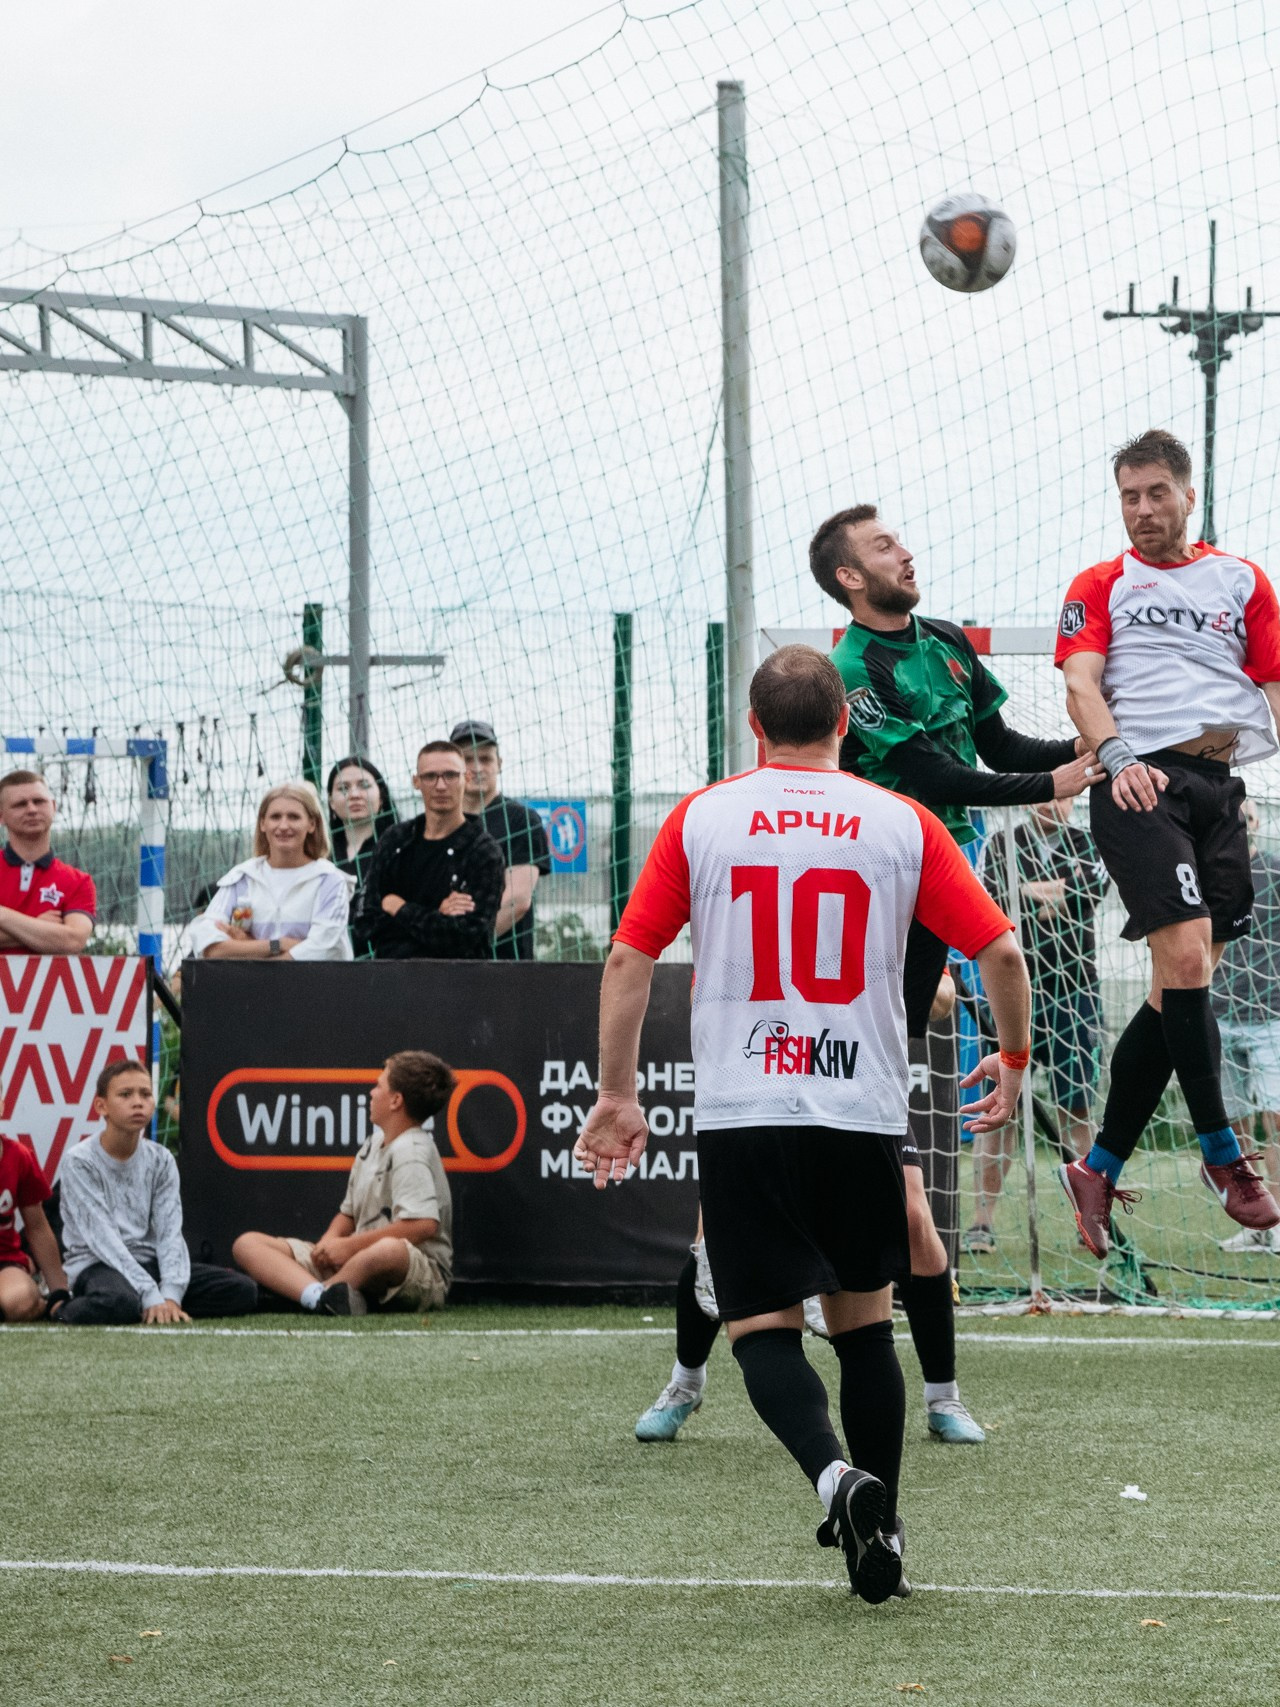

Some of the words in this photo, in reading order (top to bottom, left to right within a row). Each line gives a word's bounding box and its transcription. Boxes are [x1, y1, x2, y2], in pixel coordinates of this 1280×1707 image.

[783, 787, 826, 796] MAVEX
[748, 810, 862, 840] АРЧИ
[1175, 863, 1202, 905] 8
[730, 865, 872, 1006] 10
[236, 1093, 434, 1146] Winli
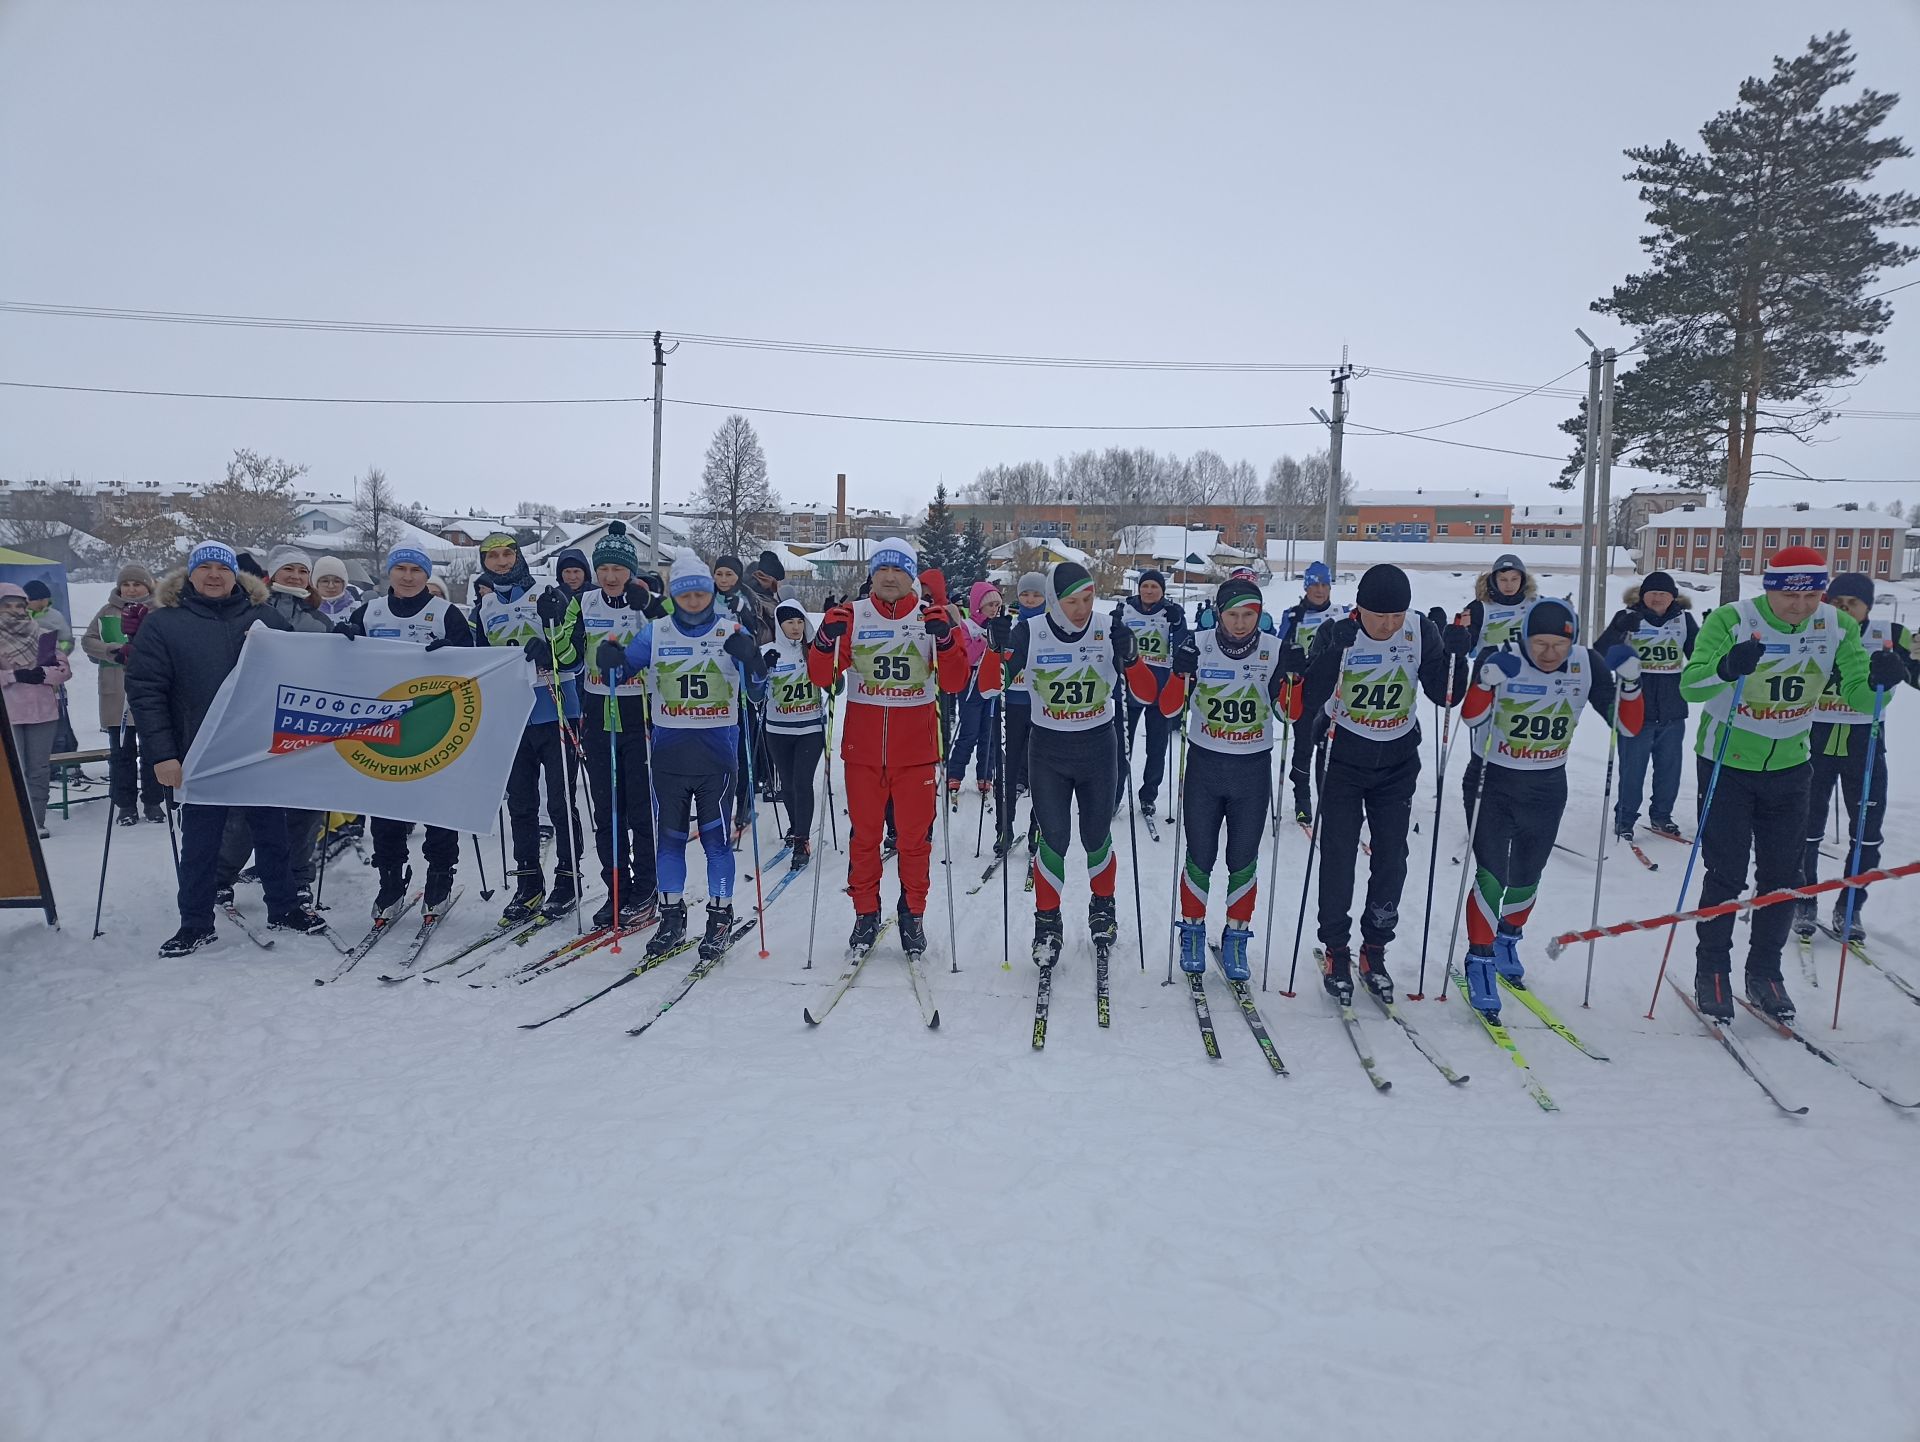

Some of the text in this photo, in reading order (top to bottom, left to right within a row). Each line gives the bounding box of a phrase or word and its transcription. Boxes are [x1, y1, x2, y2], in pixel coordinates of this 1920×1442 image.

[1138, 637, 1161, 653] 92
[1638, 646, 1679, 661] 296
[873, 656, 911, 680] 35
[676, 674, 709, 699] 15
[782, 682, 813, 703] 241
[858, 683, 925, 697] Kukmara
[1049, 681, 1096, 705] 237
[1351, 683, 1404, 710] 242
[1765, 675, 1806, 702] 16
[283, 692, 408, 716] ПРОФСОЮЗ
[660, 703, 729, 717] Kukmara
[1042, 706, 1105, 720] Kukmara
[1207, 698, 1257, 724] 299
[1737, 703, 1812, 720] Kukmar
[1201, 722, 1263, 741] Kukmara
[1509, 714, 1569, 740] 298
[351, 734, 464, 776] ОБСЛУЖИВАНИЯ
[647, 941, 699, 970] FISCHER
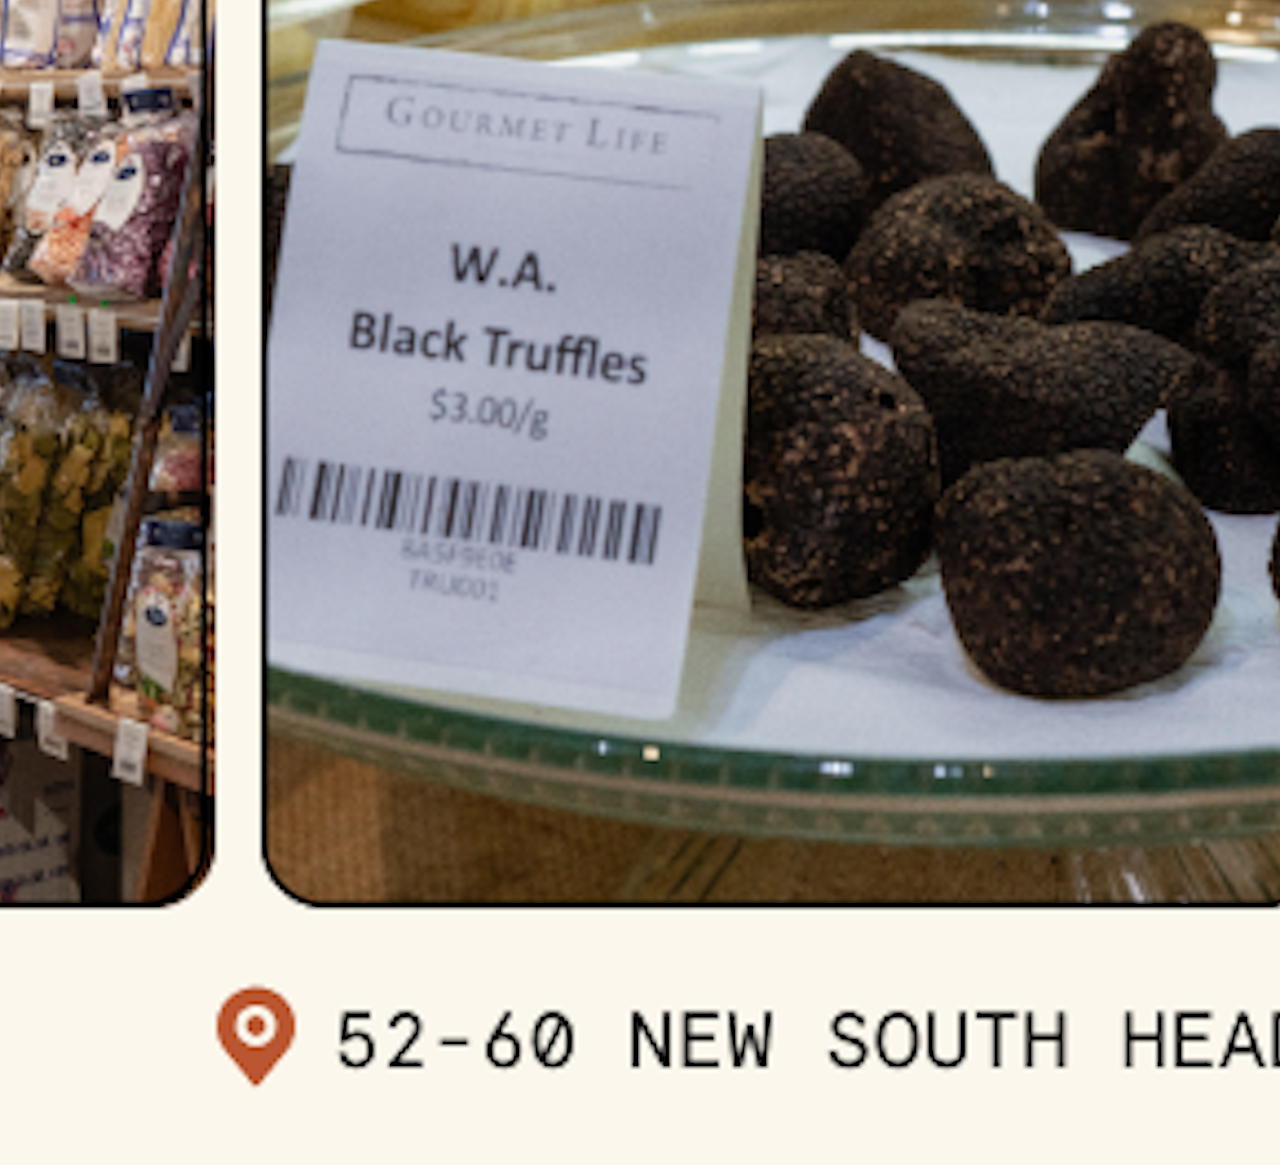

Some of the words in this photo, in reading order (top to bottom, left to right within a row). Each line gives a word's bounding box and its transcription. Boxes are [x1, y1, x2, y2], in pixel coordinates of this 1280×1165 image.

[450, 242, 557, 293] W.A.
[350, 311, 468, 363] Black
[484, 327, 648, 386] Truffles
[429, 388, 550, 441] $3.00/g
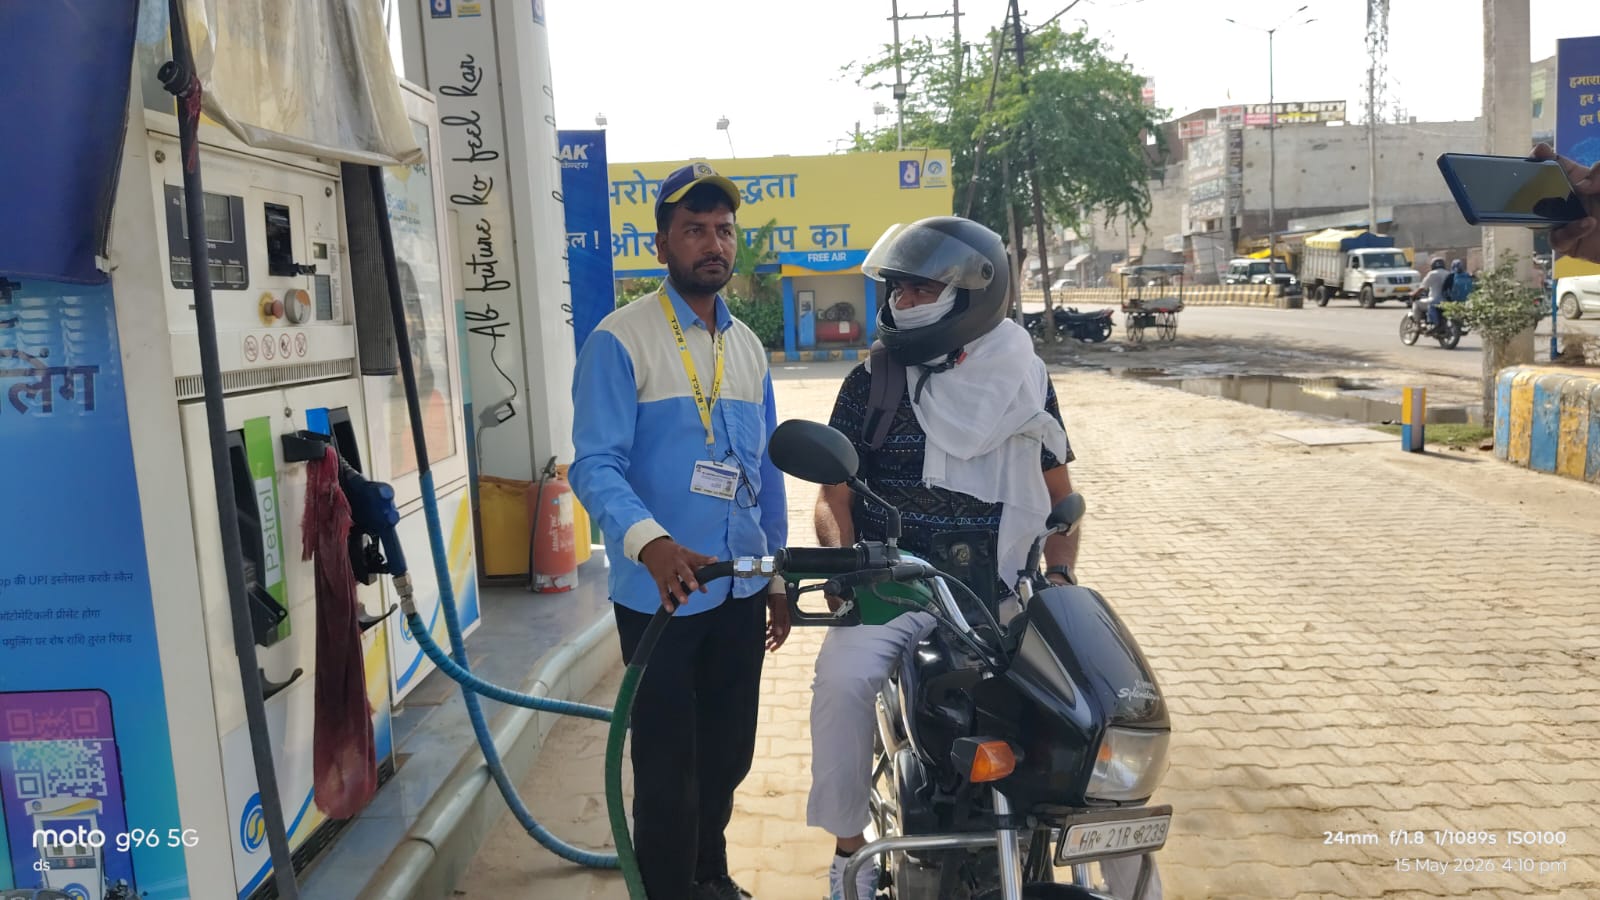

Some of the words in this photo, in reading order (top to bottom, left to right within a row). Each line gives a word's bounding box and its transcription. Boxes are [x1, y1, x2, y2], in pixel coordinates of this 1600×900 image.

——

An unaltered copy of the material, without images, should be set down.

§ **Answer space**
Some of the words in this photo, in reading order (top to bottom, left to right within a row). Each line gives a word's bounding box and its transcription. Boxes are [x1, y1, x2, y2], in pixel coordinates of this 1280×1707 image.

[783, 787, 826, 796] MAVEX
[748, 810, 862, 840] АРЧИ
[1175, 863, 1202, 905] 8
[730, 865, 872, 1006] 10
[236, 1093, 434, 1146] Winli

Some of the text in this photo, in reading order (top to bottom, left to right within a row). Each line gives the bounding box of a phrase or word and its transcription. Boxes are [x1, y1, x2, y2], in pixel coordinates of this 1920×1442 image.

[1138, 637, 1161, 653] 92
[1638, 646, 1679, 661] 296
[873, 656, 911, 680] 35
[676, 674, 709, 699] 15
[782, 682, 813, 703] 241
[858, 683, 925, 697] Kukmara
[1049, 681, 1096, 705] 237
[1351, 683, 1404, 710] 242
[1765, 675, 1806, 702] 16
[283, 692, 408, 716] ПРОФСОЮЗ
[660, 703, 729, 717] Kukmara
[1042, 706, 1105, 720] Kukmara
[1207, 698, 1257, 724] 299
[1737, 703, 1812, 720] Kukmar
[1201, 722, 1263, 741] Kukmara
[1509, 714, 1569, 740] 298
[351, 734, 464, 776] ОБСЛУЖИВАНИЯ
[647, 941, 699, 970] FISCHER

Some of the words in this photo, in reading order (top to bottom, left to right within a row). Each line gives a word's bounding box and its transcription. Boxes are [x1, y1, x2, y2], in pixel coordinates of this 1280×1165 image.

[450, 242, 557, 293] W.A.
[350, 311, 468, 363] Black
[484, 327, 648, 386] Truffles
[429, 388, 550, 441] $3.00/g

Some of the words in this photo, in reading order (top to bottom, left to right within a row). Each line gives a word's bounding box and its transcription. Boxes are [x1, y1, x2, y2], in pixel coordinates of this 1600×900 image.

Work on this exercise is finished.